[Supplied material Boundary: Start]
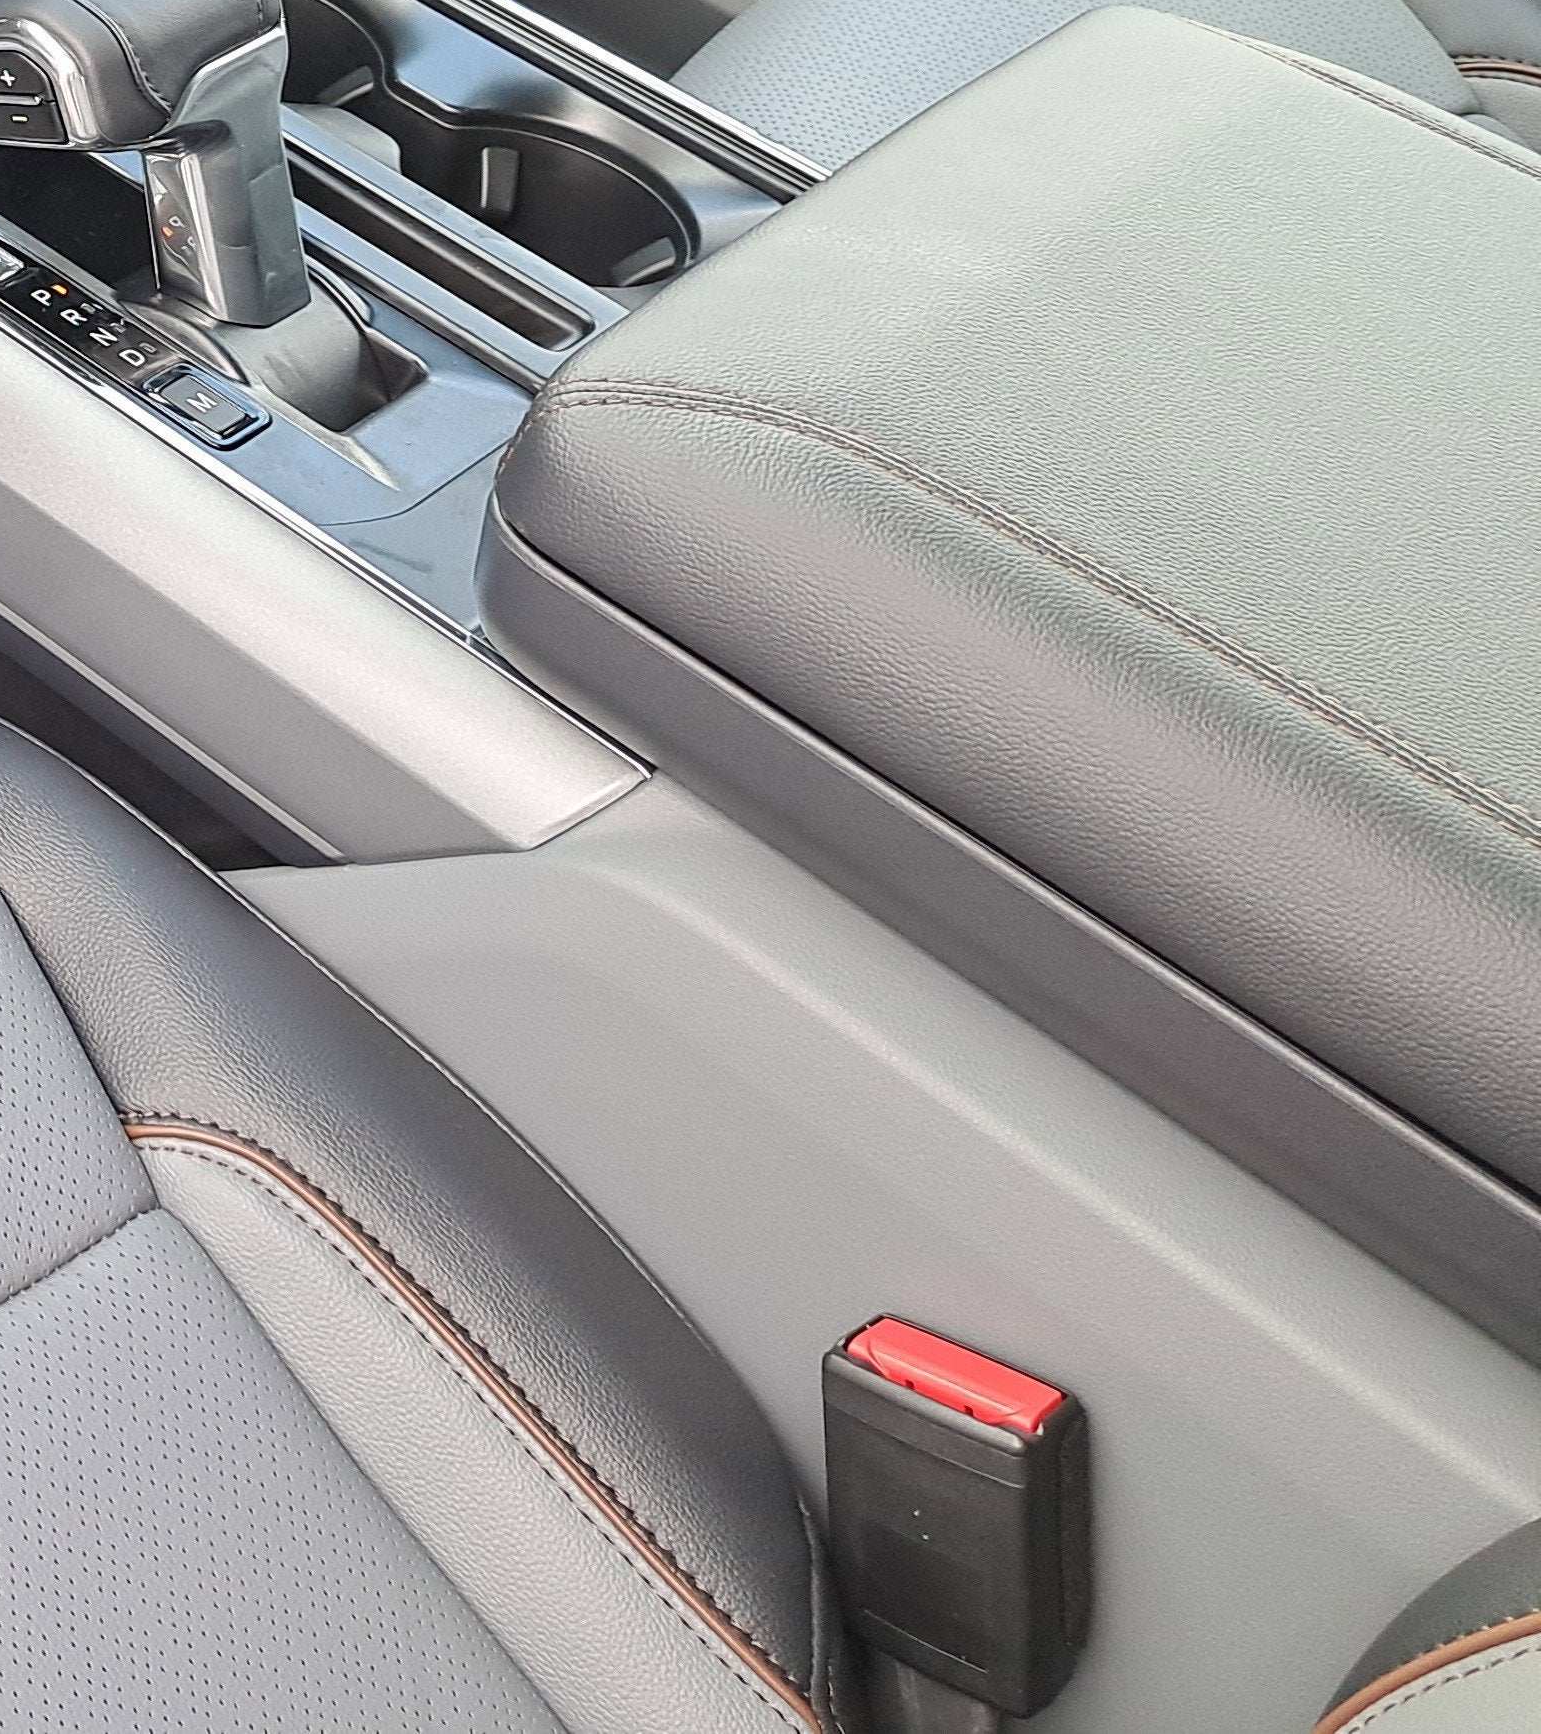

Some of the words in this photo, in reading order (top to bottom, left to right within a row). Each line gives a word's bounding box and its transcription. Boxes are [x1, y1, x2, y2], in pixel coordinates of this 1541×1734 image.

[31, 288, 52, 307] P
[59, 308, 88, 327] R
[89, 326, 119, 347] N
[118, 348, 146, 367] D
[186, 392, 218, 413] M
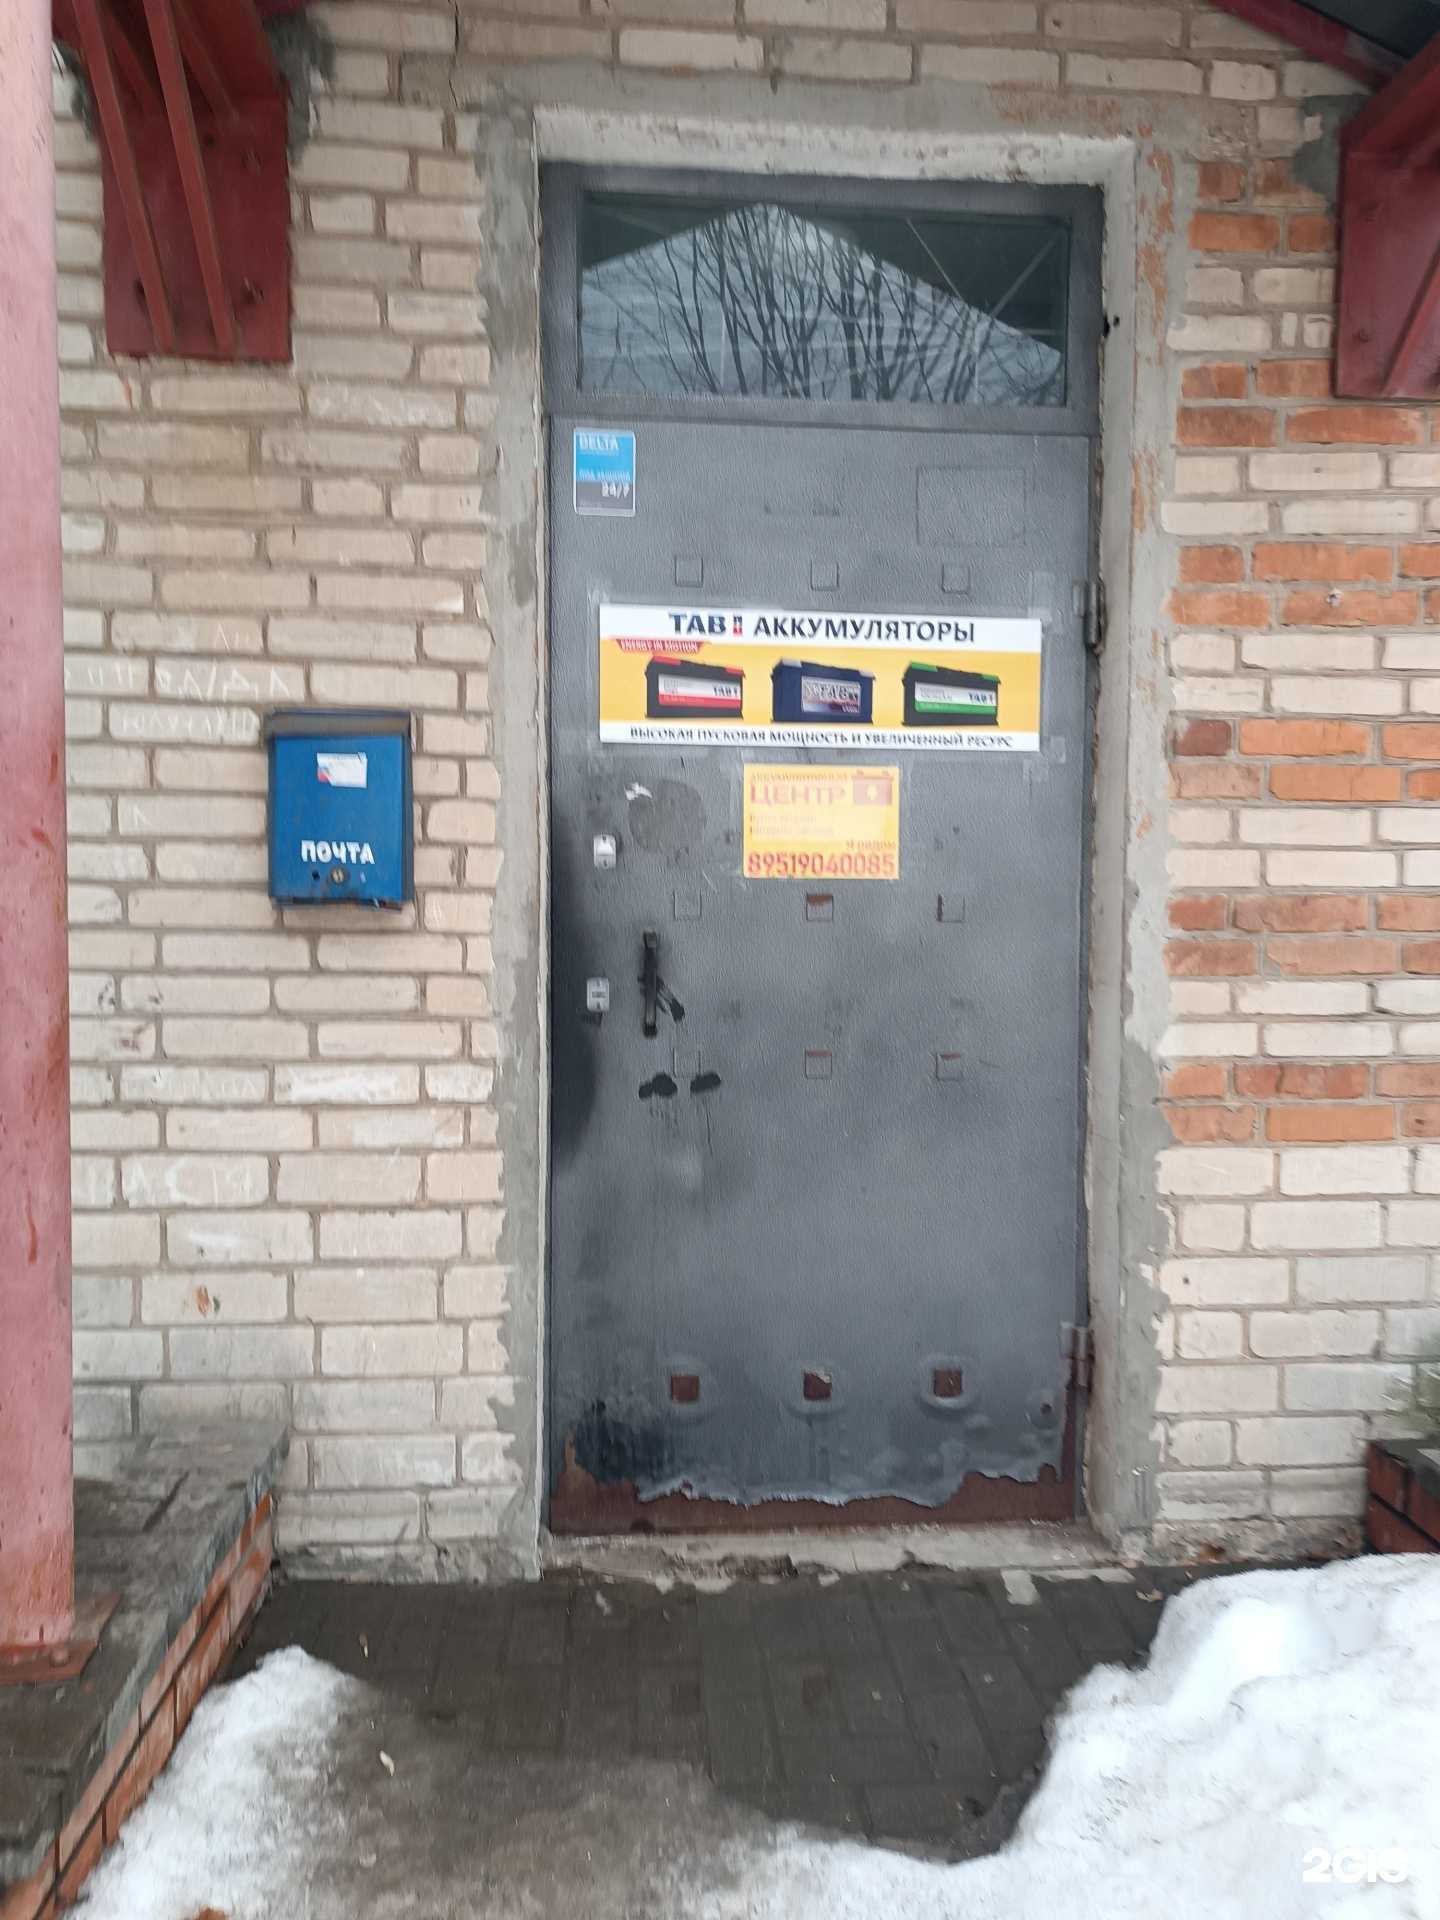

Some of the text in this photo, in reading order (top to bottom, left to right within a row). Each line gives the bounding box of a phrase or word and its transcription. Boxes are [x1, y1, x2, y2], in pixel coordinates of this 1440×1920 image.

[753, 616, 975, 643] АККУМУЛЯТОРЫ
[630, 726, 1013, 748] ВЫСОКАЯ ПУСКОВАЯ МОЩНОСТЬ И УВЕЛИЧЕННЫЙ РЕСУРС
[750, 782, 846, 805] ЦЕНТР
[301, 839, 375, 865] ПОЧТА
[747, 851, 896, 875] 89519040085
[Supplied material Boundary: End]
> Your instructions: The whole listing above needs to be copied exactly; please keep the pictures out.

> Written solution:
Some of the words in this photo, in reading order (top to bottom, left to right within a row). Each line gives a word's bounding box and its transcription. Boxes are [x1, y1, x2, y2], in pixel coordinates of this 1541×1734 image.

[31, 288, 52, 307] P
[59, 308, 88, 327] R
[89, 326, 119, 347] N
[118, 348, 146, 367] D
[186, 392, 218, 413] M

Some of the text in this photo, in reading order (top to bottom, left to right within a row). Each line gives the bounding box of a phrase or word and its transcription. Boxes are [x1, y1, x2, y2], in pixel coordinates of this 1440×1920 image.

[753, 616, 975, 643] АККУМУЛЯТОРЫ
[630, 726, 1013, 748] ВЫСОКАЯ ПУСКОВАЯ МОЩНОСТЬ И УВЕЛИЧЕННЫЙ РЕСУРС
[750, 782, 846, 805] ЦЕНТР
[301, 839, 375, 865] ПОЧТА
[747, 851, 896, 875] 89519040085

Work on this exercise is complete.